◆ About this task: When you write out the listing, keep every word as it stands and drop the pictures.

◆ Material for the task:
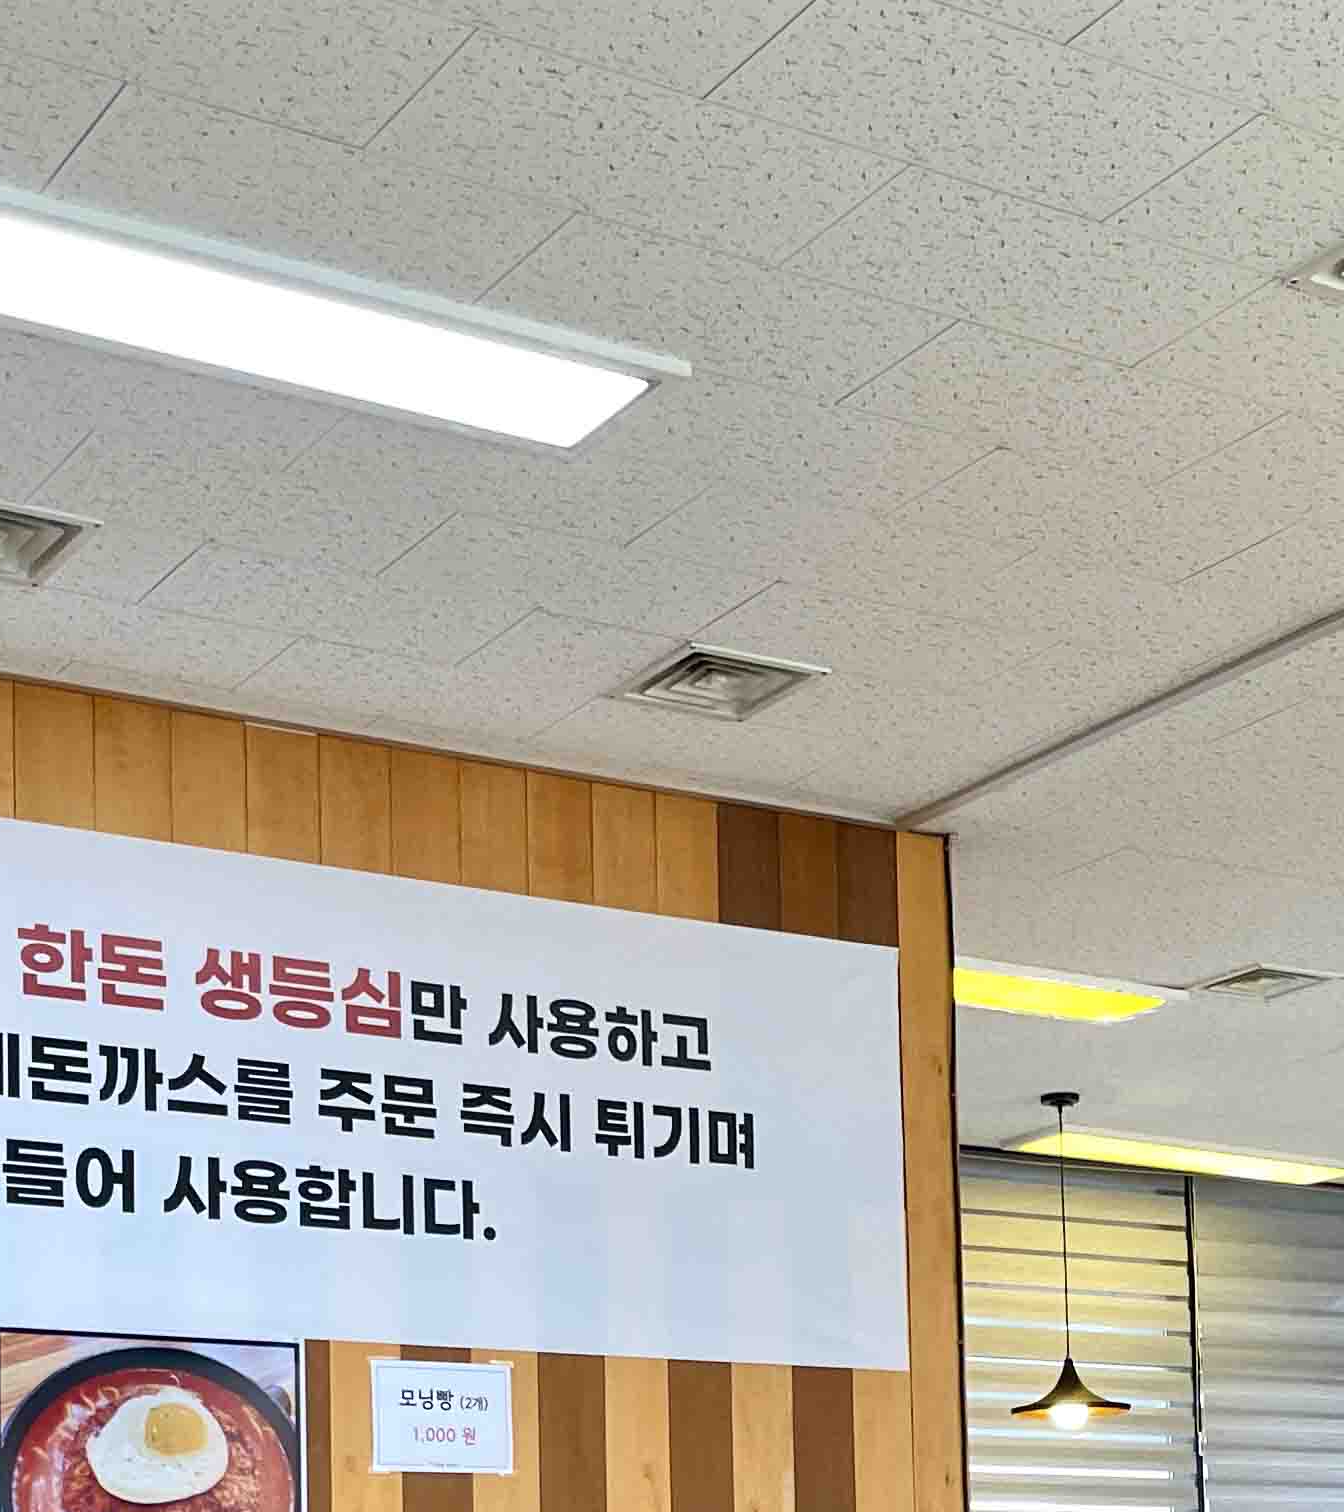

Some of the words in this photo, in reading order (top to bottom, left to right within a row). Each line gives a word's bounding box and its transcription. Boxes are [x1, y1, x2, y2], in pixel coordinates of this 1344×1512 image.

[18, 924, 166, 1010] 한돈
[489, 993, 711, 1071] 사용하고
[318, 1068, 437, 1139] 주문
[460, 1083, 571, 1152] 즉시
[595, 1099, 754, 1169] 튀기며
[164, 1156, 496, 1240] 사용합니다.
[400, 1389, 454, 1411] 모닝빵
[459, 1396, 489, 1411] (2개)
[462, 1427, 477, 1446] 원

◆ Task output:
Some of the words in this photo, in reading order (top to bottom, left to right within a row). Each line gives a word's bounding box and its transcription. Boxes are [x1, y1, x2, y2], in pixel coordinates of this 1344×1512 image.

[18, 924, 166, 1010] 한돈
[489, 993, 711, 1071] 사용하고
[318, 1068, 437, 1139] 주문
[460, 1083, 571, 1152] 즉시
[595, 1099, 754, 1169] 튀기며
[164, 1156, 496, 1240] 사용합니다.
[400, 1389, 454, 1411] 모닝빵
[459, 1396, 489, 1411] (2개)
[462, 1427, 477, 1446] 원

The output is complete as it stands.